1
头图

Hello everyone, my name is Zhang Jintao.

Kubernetes is officially released with 40 project enhancements.

The main expression of this LOGO is to respect the spirit of collaboration and openness that brings us together into a force that can change the world.

In fact, every issue of my "k8s Ecological Weekly" has a section called upstream progress, so a lot of content worthy of attention has been posted in previous articles.

In this article, I will introduce some additional things that have not been covered before, and which are worth paying attention to.

core CSI Migration reaches Stable

Kubernetes support for CSI has been introduced since v1.9, and has been officially GA by v1.13 in 2019.
In recent versions, the community is gradually deprecating or removing the original in-tree plugin and migrating to the CSI driver.

The benefits of migrating to using CSI are improved maintainability and fewer bugs or bugs caused by in-tree code.

However, migration is not a direct replacement. Considering the user's migration cost, the community proposed a solution: CSI Migration, which is to
The in-tree API translates to the equivalent CSI API and delegates operations to the CSI driver's functions. At present, this function has reached GA, and there is also a lot of progress in the migration of in-tree.

In this PR, the in-tree GlusterFS plugin is abandoned, which is actually the earliest dynamic provisioner, introduced since Kubernetes v1.4.

When the CSI driver appeared later, the corresponding driver implementation https://github.com/gluster/gluster-csi-driver/ appeared in the community immediately, but the project was not actively maintained.
Now there is another recommended alternative, you can consider using https://github.com/kadalu/kadalu/ The latest version of this project is v0.8.15.

After previous discussions in the community, it was decided to mark the in-tree GlusterFS plugin as obsolete in v1.25 and remove it in subsequent versions.

If there is a small partner who is using this plugin, I suggest that you can evaluate the feasibility & migration cost of kadalu as soon as possible.

The above-mentioned PRs do basically similar things, which are some cleaning operations.
Deleted in-tree volume plugins such as StorageOS , Flocker and Quobyte in the Kubernetes project.

Among them StorageOS and Quobyte if they are in use, it is recommended to migrate to the CSI plugin, and Flocker is no longer maintained, so there is no migration plan .

cgroup v2 support up to GA

In my 2019 GitChat interview, let me talk about tech trends for 2020, and my main takeaways at the time are as follows:

As the cornerstone of cloud-native technology, Kubernetes will continue to grow in popularity in 2020. The scale of clusters of various companies and the promotion of container technology will continue to increase. After the initial containerization, more companies will face stability and performance optimization issues. At the same time, technologies such as service mesh and serverless will gradually be widely used. From the perspective of the underlying technology, cgroups v2 will gradually become popular, and then replace cgroups v1, but this process may take about two or three years. Overall, stability and performance optimization will be the main theme in the future.

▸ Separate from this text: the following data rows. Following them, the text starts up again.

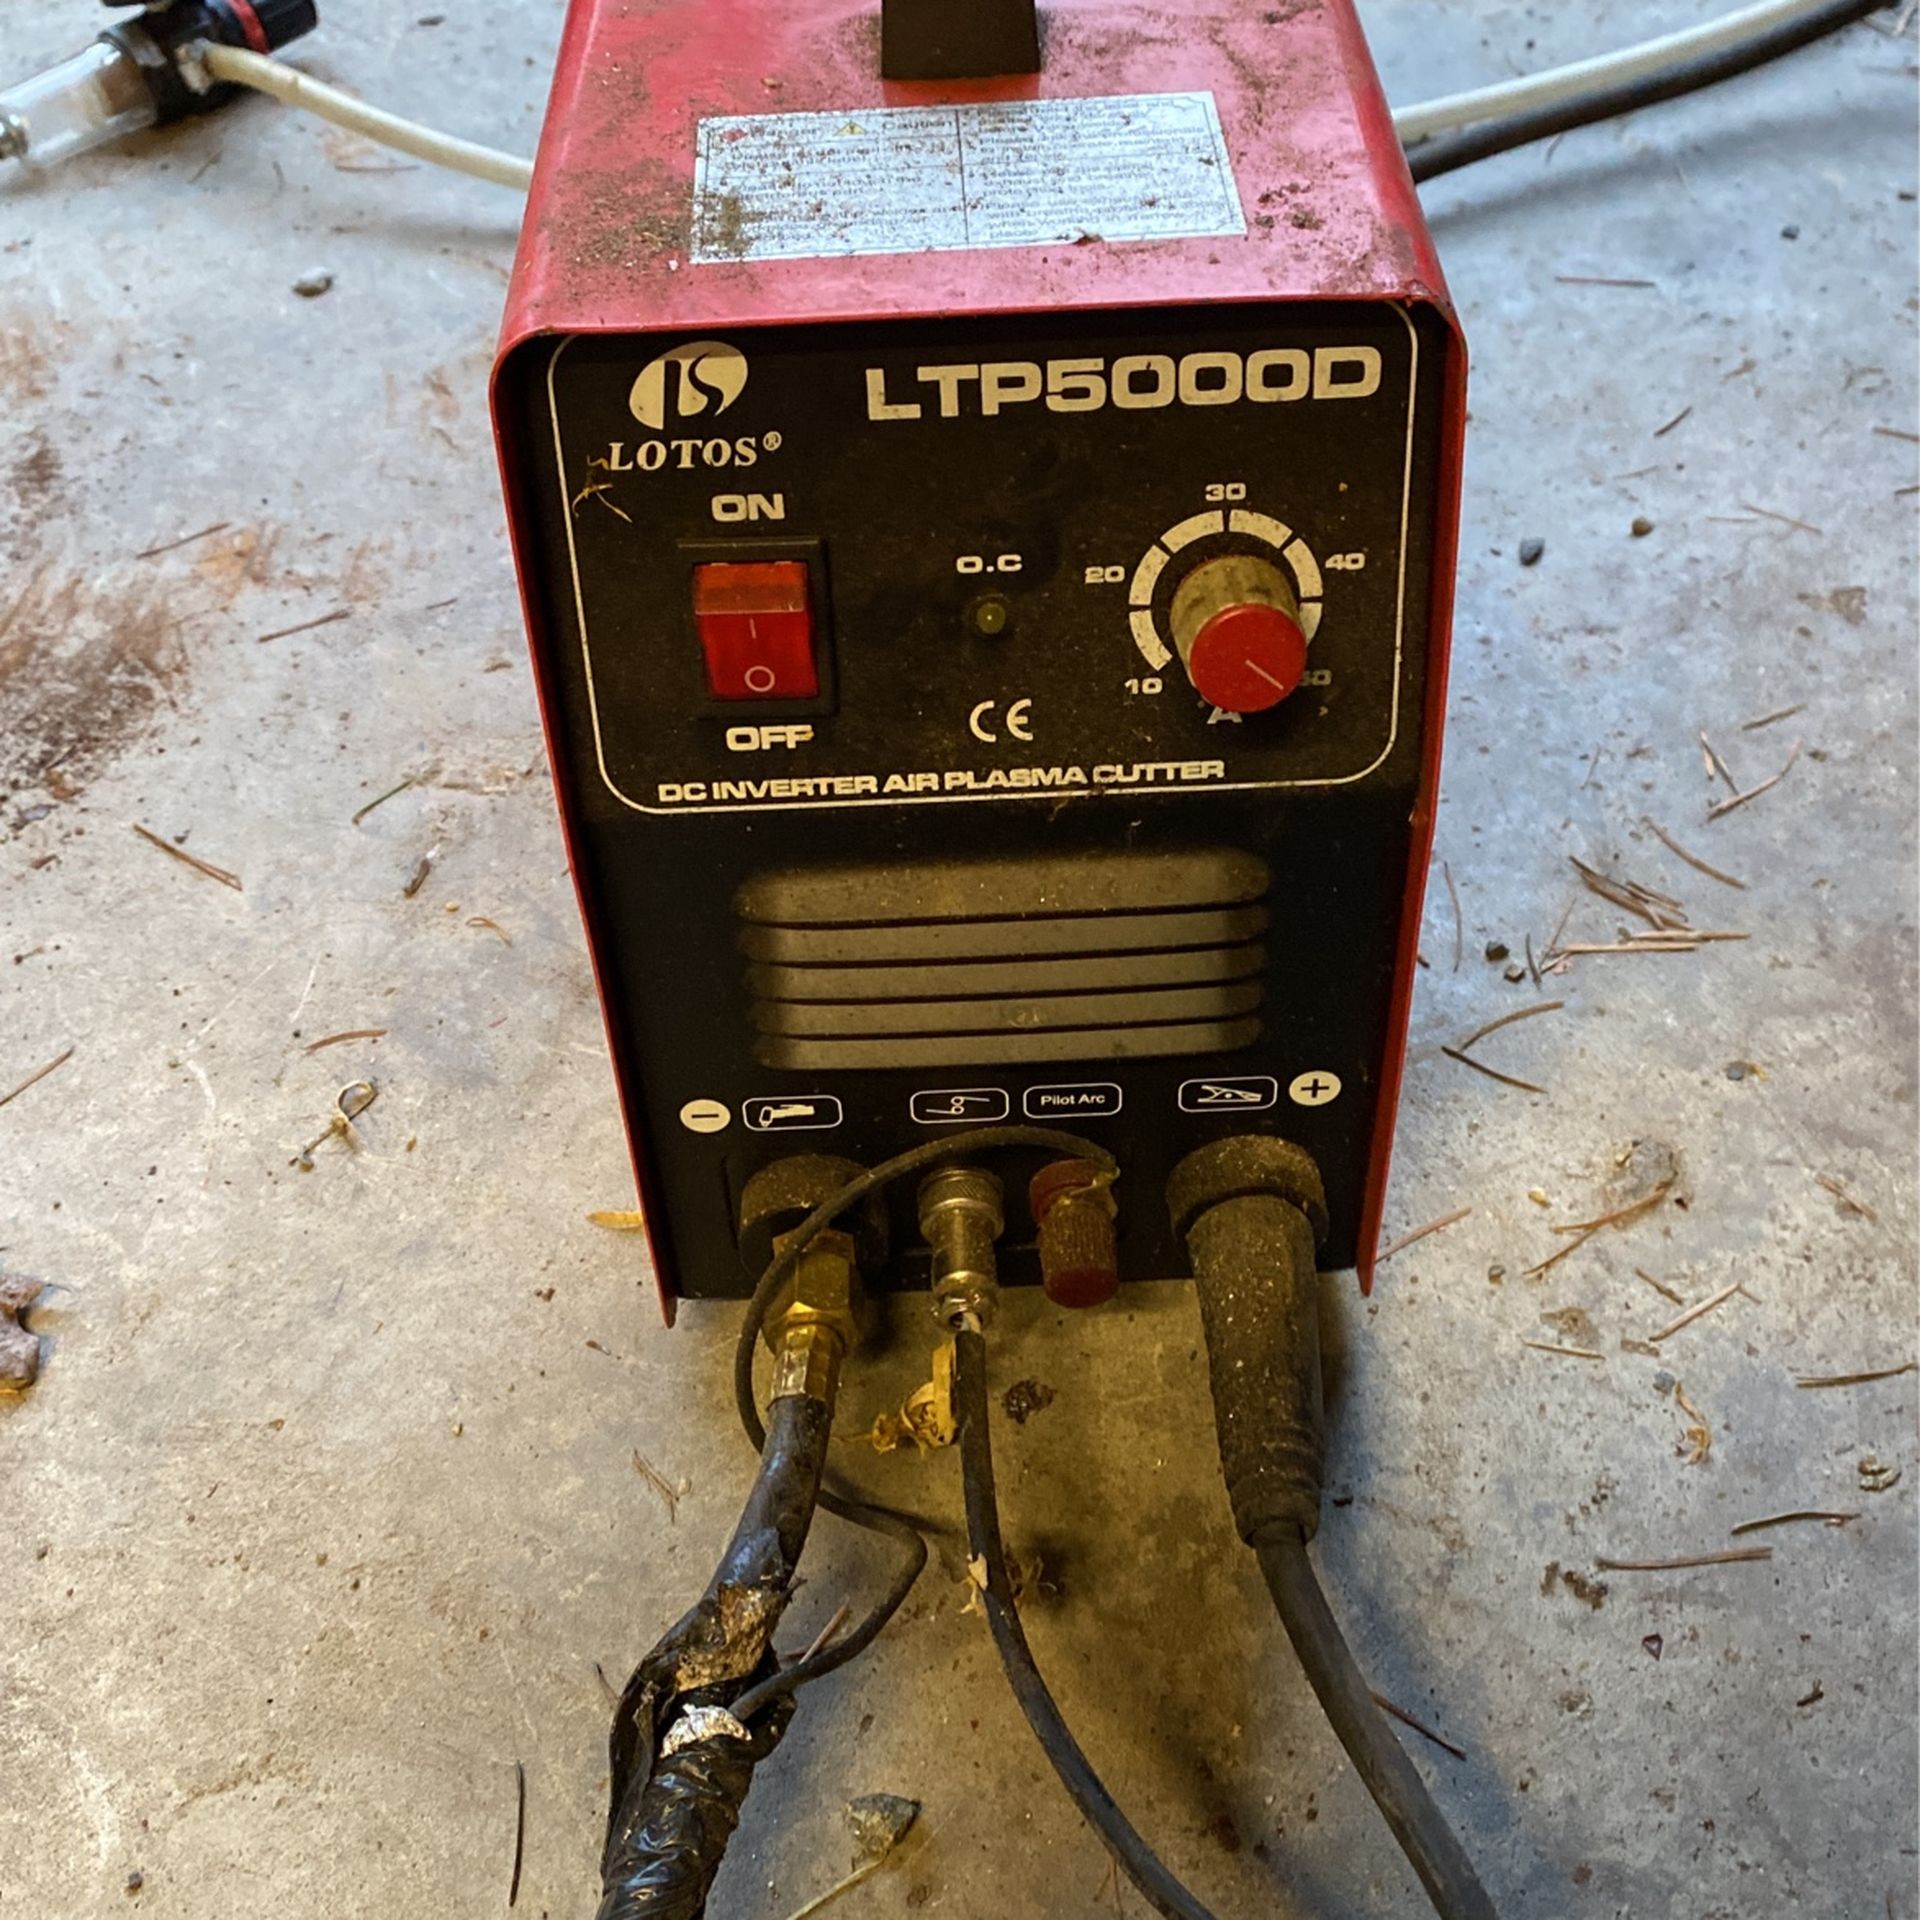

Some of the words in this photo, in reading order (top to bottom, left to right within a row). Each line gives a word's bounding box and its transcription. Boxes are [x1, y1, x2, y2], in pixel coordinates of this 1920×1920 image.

[865, 346, 1382, 421] LTP5000D
[1205, 482, 1247, 502] 30
[711, 493, 785, 522] ON
[956, 554, 1023, 574] O.C
[1324, 551, 1366, 571] 40
[1084, 565, 1125, 584] 20
[1124, 677, 1163, 695] 10
[969, 698, 1034, 743] CE
[725, 724, 814, 751] OFF
[657, 782, 706, 802] DC
[712, 775, 878, 801] INVERTER
[882, 772, 940, 793] AIR
[944, 766, 1087, 792] PLASMA
[1092, 760, 1227, 785] CUTTER
[1040, 1094, 1076, 1106] Pilot
[1078, 1093, 1106, 1104] Arc

Now, 3 years have passed, and the support for cgroup v2 in Kubernetes v1.25 has reached GA, which is the same as my previous judgment.

I also wrote an article "A cornerstone of understanding container technology: cgroup" , maybe it's time to consider writing a new cgroup v2 (laughs)

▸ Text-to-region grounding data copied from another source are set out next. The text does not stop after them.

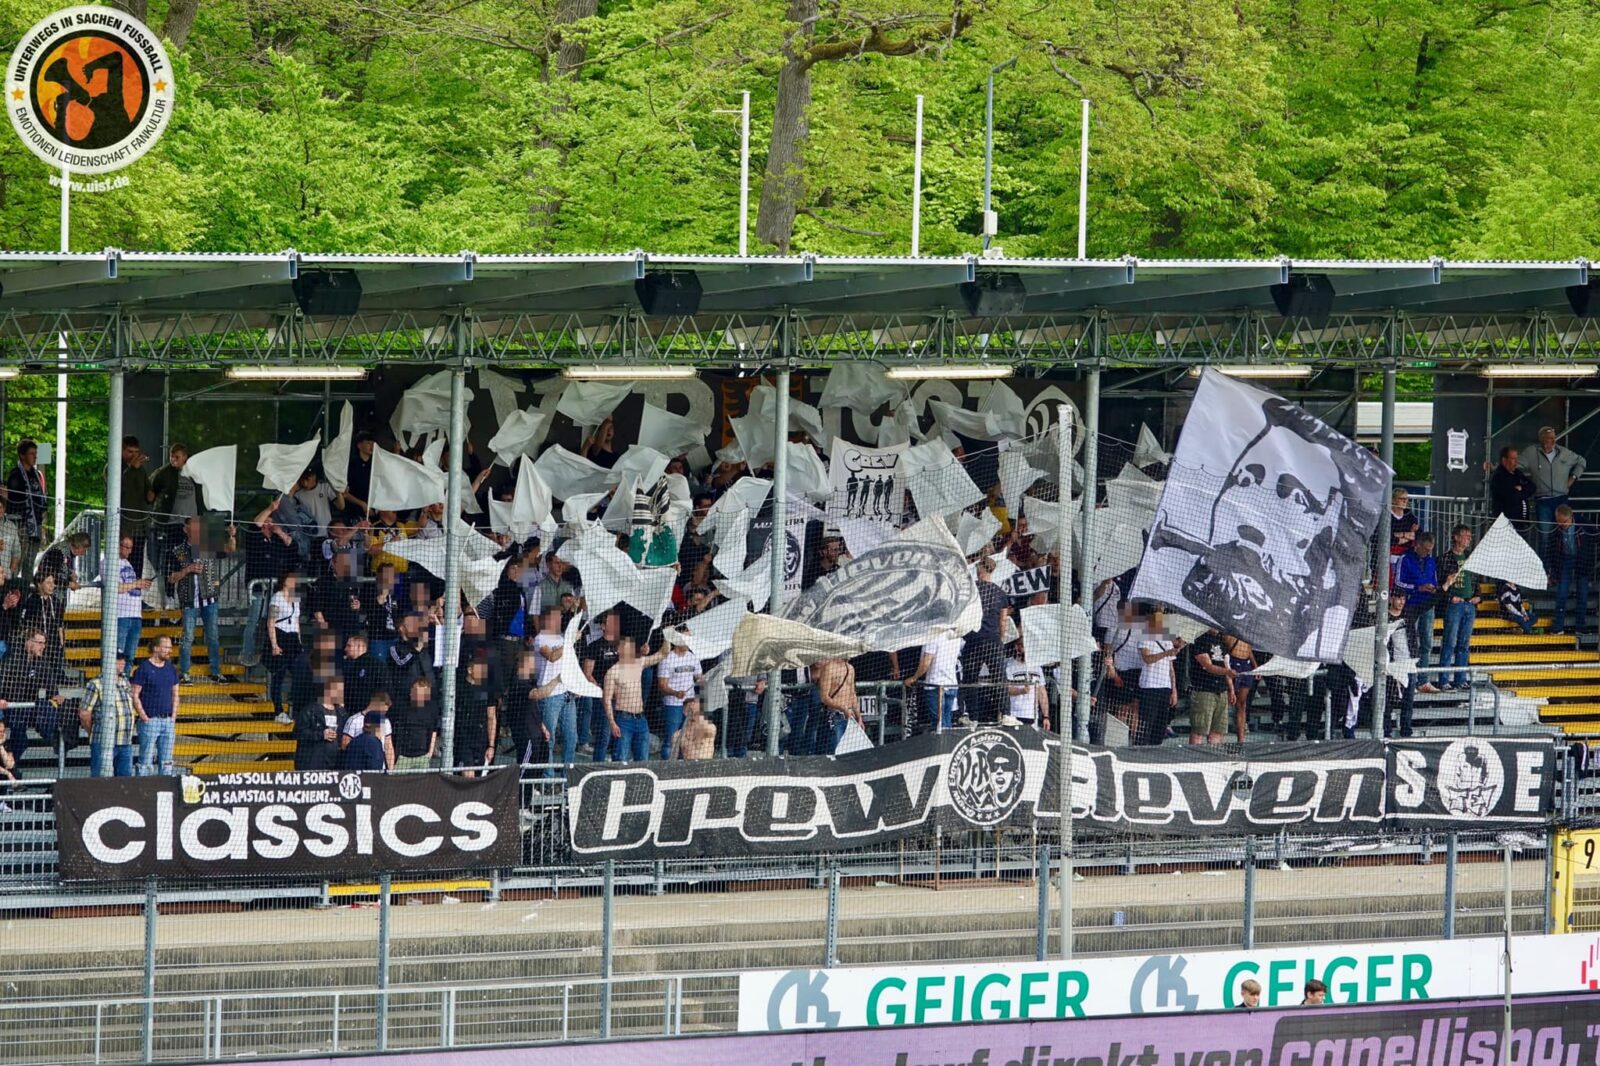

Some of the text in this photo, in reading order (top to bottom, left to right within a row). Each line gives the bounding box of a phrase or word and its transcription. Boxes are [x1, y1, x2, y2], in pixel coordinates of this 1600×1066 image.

[202, 791, 220, 804] AM
[222, 790, 275, 804] SAMSTAG
[245, 773, 273, 785] SOLL
[275, 773, 300, 785] MAN
[303, 772, 339, 785] SONST
[571, 754, 941, 854] Crew
[1033, 740, 1386, 824] Eleven
[82, 787, 498, 864] classics
[1584, 838, 1595, 869] 9
[867, 970, 1090, 1026] GEIGER

PodSecurity feature reaches GA

The PodSecurity feature was officially upgraded to GA in #110459 kubernetes/kubernetes . If I remember correctly, this feature was probably one of the quickest from being introduced to GA.

PodSecurity is an alpha feature introduced since Kubernetes v1.22 as a replacement for PodSecurityPolicy. It reached the beta level in v1.23. Through the above PR, it was officially GA in v1.25, and it was enabled by default. You can see that the whole development process is still very fast.

PodSecurity defines 3 levels:

  • Enforce: If the Pod violates the policy, it will not be created;
  • Audit: If the Pod violates the policy, it will be recorded in the audit log, but the Pod will still be created normally;
  • Warn: If the Pod violates the policy, warning information will be printed in the console, and the Pod will still be created normally;

It is also very simple to use, just add pod-security.kubernetes.io/<mode>=<standard> tag to the namespace.

As long as your Kubernetes cluster version is upgraded to v1.22 or later, and the PodSecurity feature is enabled, you can migrate according to Migrate from PodSecurityPolicy to the Built-In PodSecurity Admission Controller | Kubernetes .

But if you have a lower version of the cluster and want a relatively general approach, I suggest you take a look at the article I wrote earlier. "Understanding the Admission Controller in Kubernetes"
and "Cloud Native Strategy Engine Kyverno (Part 1)"
Unified configuration is done by using Admission controller, OPA/GateKeeper, Kyverno, etc.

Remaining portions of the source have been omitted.